══ DATA TO USE ══
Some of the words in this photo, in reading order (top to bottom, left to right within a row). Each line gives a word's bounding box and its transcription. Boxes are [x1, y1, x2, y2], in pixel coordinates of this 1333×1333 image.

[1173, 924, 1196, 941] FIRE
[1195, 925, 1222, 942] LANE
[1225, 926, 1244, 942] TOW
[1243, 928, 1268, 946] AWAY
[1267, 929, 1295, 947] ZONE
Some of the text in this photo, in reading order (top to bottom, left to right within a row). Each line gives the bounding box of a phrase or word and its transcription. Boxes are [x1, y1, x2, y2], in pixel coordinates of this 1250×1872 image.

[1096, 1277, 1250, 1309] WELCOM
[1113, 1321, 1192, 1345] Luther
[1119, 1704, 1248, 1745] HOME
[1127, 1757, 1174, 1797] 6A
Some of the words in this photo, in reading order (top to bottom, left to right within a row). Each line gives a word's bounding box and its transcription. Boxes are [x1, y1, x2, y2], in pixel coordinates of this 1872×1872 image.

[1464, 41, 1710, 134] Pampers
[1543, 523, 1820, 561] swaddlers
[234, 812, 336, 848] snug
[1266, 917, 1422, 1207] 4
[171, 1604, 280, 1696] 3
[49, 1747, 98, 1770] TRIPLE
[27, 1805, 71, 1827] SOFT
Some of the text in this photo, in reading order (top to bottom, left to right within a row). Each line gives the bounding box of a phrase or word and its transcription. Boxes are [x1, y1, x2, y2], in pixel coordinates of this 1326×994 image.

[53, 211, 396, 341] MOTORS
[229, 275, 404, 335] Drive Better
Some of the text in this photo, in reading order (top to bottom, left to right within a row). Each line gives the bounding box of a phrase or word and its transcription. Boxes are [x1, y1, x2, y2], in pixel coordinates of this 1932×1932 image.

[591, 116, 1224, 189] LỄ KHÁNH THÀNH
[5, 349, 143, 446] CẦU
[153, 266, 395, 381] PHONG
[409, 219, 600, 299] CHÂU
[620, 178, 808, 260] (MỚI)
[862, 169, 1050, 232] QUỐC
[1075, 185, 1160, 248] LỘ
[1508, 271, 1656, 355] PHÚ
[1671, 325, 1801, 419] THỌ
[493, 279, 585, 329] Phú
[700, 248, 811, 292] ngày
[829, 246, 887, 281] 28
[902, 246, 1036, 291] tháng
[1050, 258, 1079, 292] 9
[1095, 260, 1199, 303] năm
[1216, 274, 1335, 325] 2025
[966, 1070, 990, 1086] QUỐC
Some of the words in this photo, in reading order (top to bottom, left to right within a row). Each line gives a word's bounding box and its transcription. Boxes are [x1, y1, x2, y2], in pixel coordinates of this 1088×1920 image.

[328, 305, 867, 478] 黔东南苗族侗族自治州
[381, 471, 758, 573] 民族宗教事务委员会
═══
*WORK TO BE COMPLETED*
Set the entries above down again, each one exactly as written.

*ANSWER BOX*
Some of the words in this photo, in reading order (top to bottom, left to right within a row). Each line gives a word's bounding box and its transcription. Boxes are [x1, y1, x2, y2], in pixel coordinates of this 1333×1333 image.

[1173, 924, 1196, 941] FIRE
[1195, 925, 1222, 942] LANE
[1225, 926, 1244, 942] TOW
[1243, 928, 1268, 946] AWAY
[1267, 929, 1295, 947] ZONE
Some of the text in this photo, in reading order (top to bottom, left to right within a row). Each line gives the bounding box of a phrase or word and its transcription. Boxes are [x1, y1, x2, y2], in pixel coordinates of this 1250×1872 image.

[1096, 1277, 1250, 1309] WELCOM
[1113, 1321, 1192, 1345] Luther
[1119, 1704, 1248, 1745] HOME
[1127, 1757, 1174, 1797] 6A
Some of the words in this photo, in reading order (top to bottom, left to right within a row). Each line gives a word's bounding box and its transcription. Boxes are [x1, y1, x2, y2], in pixel coordinates of this 1872×1872 image.

[1464, 41, 1710, 134] Pampers
[1543, 523, 1820, 561] swaddlers
[234, 812, 336, 848] snug
[1266, 917, 1422, 1207] 4
[171, 1604, 280, 1696] 3
[49, 1747, 98, 1770] TRIPLE
[27, 1805, 71, 1827] SOFT
Some of the text in this photo, in reading order (top to bottom, left to right within a row). Each line gives the bounding box of a phrase or word and its transcription. Boxes are [x1, y1, x2, y2], in pixel coordinates of this 1326×994 image.

[53, 211, 396, 341] MOTORS
[229, 275, 404, 335] Drive Better
Some of the text in this photo, in reading order (top to bottom, left to right within a row). Each line gives the bounding box of a phrase or word and its transcription. Boxes are [x1, y1, x2, y2], in pixel coordinates of this 1932×1932 image.

[591, 116, 1224, 189] LỄ KHÁNH THÀNH
[5, 349, 143, 446] CẦU
[153, 266, 395, 381] PHONG
[409, 219, 600, 299] CHÂU
[620, 178, 808, 260] (MỚI)
[862, 169, 1050, 232] QUỐC
[1075, 185, 1160, 248] LỘ
[1508, 271, 1656, 355] PHÚ
[1671, 325, 1801, 419] THỌ
[493, 279, 585, 329] Phú
[700, 248, 811, 292] ngày
[829, 246, 887, 281] 28
[902, 246, 1036, 291] tháng
[1050, 258, 1079, 292] 9
[1095, 260, 1199, 303] năm
[1216, 274, 1335, 325] 2025
[966, 1070, 990, 1086] QUỐC
Some of the words in this photo, in reading order (top to bottom, left to right within a row). Each line gives a word's bounding box and its transcription. Boxes are [x1, y1, x2, y2], in pixel coordinates of this 1088×1920 image.

[328, 305, 867, 478] 黔东南苗族侗族自治州
[381, 471, 758, 573] 民族宗教事务委员会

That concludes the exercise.